### Records for processing

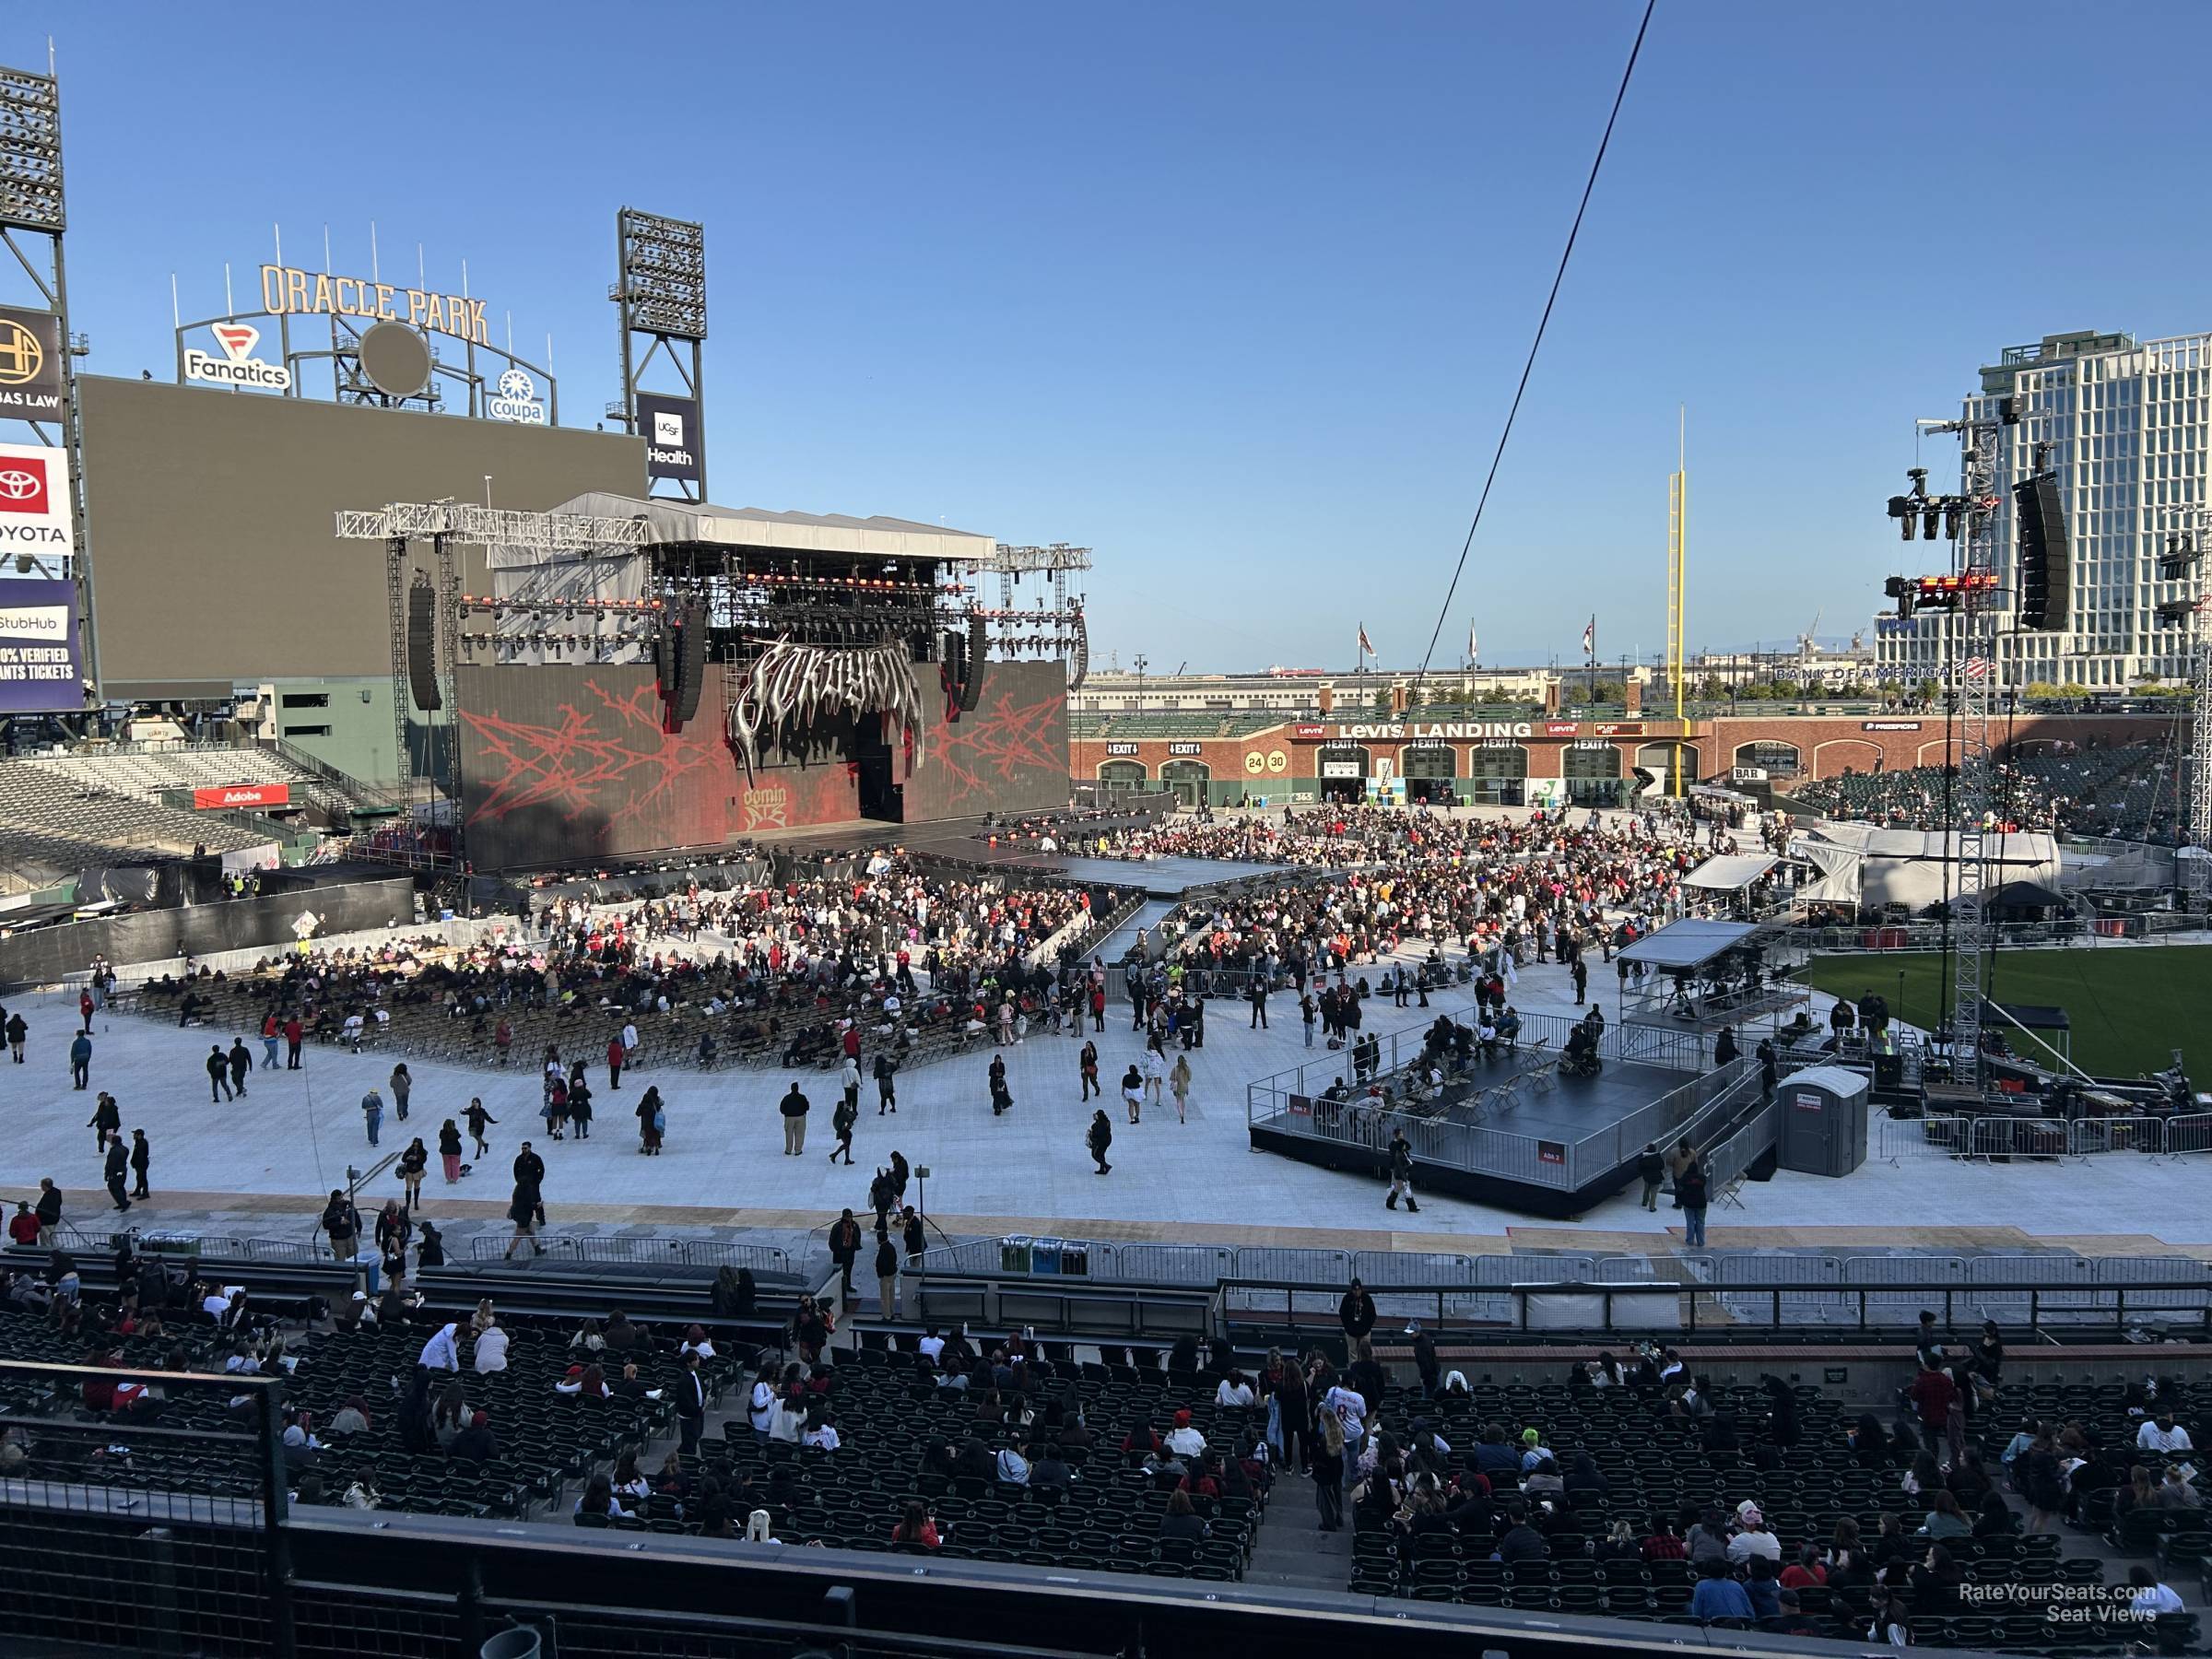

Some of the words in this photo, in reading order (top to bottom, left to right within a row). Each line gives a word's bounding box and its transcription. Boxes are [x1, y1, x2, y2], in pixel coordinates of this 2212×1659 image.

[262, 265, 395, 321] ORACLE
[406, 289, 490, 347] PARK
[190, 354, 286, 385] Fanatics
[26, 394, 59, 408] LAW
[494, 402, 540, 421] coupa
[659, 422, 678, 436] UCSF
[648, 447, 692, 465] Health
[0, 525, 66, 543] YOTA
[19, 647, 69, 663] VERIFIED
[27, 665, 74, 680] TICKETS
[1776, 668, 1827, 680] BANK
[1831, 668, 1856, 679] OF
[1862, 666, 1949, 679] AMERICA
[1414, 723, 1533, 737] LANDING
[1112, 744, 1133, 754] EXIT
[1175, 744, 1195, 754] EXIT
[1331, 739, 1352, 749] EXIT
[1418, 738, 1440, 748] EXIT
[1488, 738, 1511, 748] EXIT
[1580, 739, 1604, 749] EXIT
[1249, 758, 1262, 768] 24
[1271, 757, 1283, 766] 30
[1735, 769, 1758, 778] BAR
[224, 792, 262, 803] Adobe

### Task directions
A faithful copy is needed: reproduce all of the data above, leaving the pictures out.

### Answer below
Some of the words in this photo, in reading order (top to bottom, left to right within a row). Each line gives a word's bounding box and its transcription. Boxes are [x1, y1, x2, y2], in pixel coordinates of this 2212×1659 image.

[262, 265, 395, 321] ORACLE
[406, 289, 490, 347] PARK
[190, 354, 286, 385] Fanatics
[26, 394, 59, 408] LAW
[494, 402, 540, 421] coupa
[659, 422, 678, 436] UCSF
[648, 447, 692, 465] Health
[0, 525, 66, 543] YOTA
[19, 647, 69, 663] VERIFIED
[27, 665, 74, 680] TICKETS
[1776, 668, 1827, 680] BANK
[1831, 668, 1856, 679] OF
[1862, 666, 1949, 679] AMERICA
[1414, 723, 1533, 737] LANDING
[1112, 744, 1133, 754] EXIT
[1175, 744, 1195, 754] EXIT
[1331, 739, 1352, 749] EXIT
[1418, 738, 1440, 748] EXIT
[1488, 738, 1511, 748] EXIT
[1580, 739, 1604, 749] EXIT
[1249, 758, 1262, 768] 24
[1271, 757, 1283, 766] 30
[1735, 769, 1758, 778] BAR
[224, 792, 262, 803] Adobe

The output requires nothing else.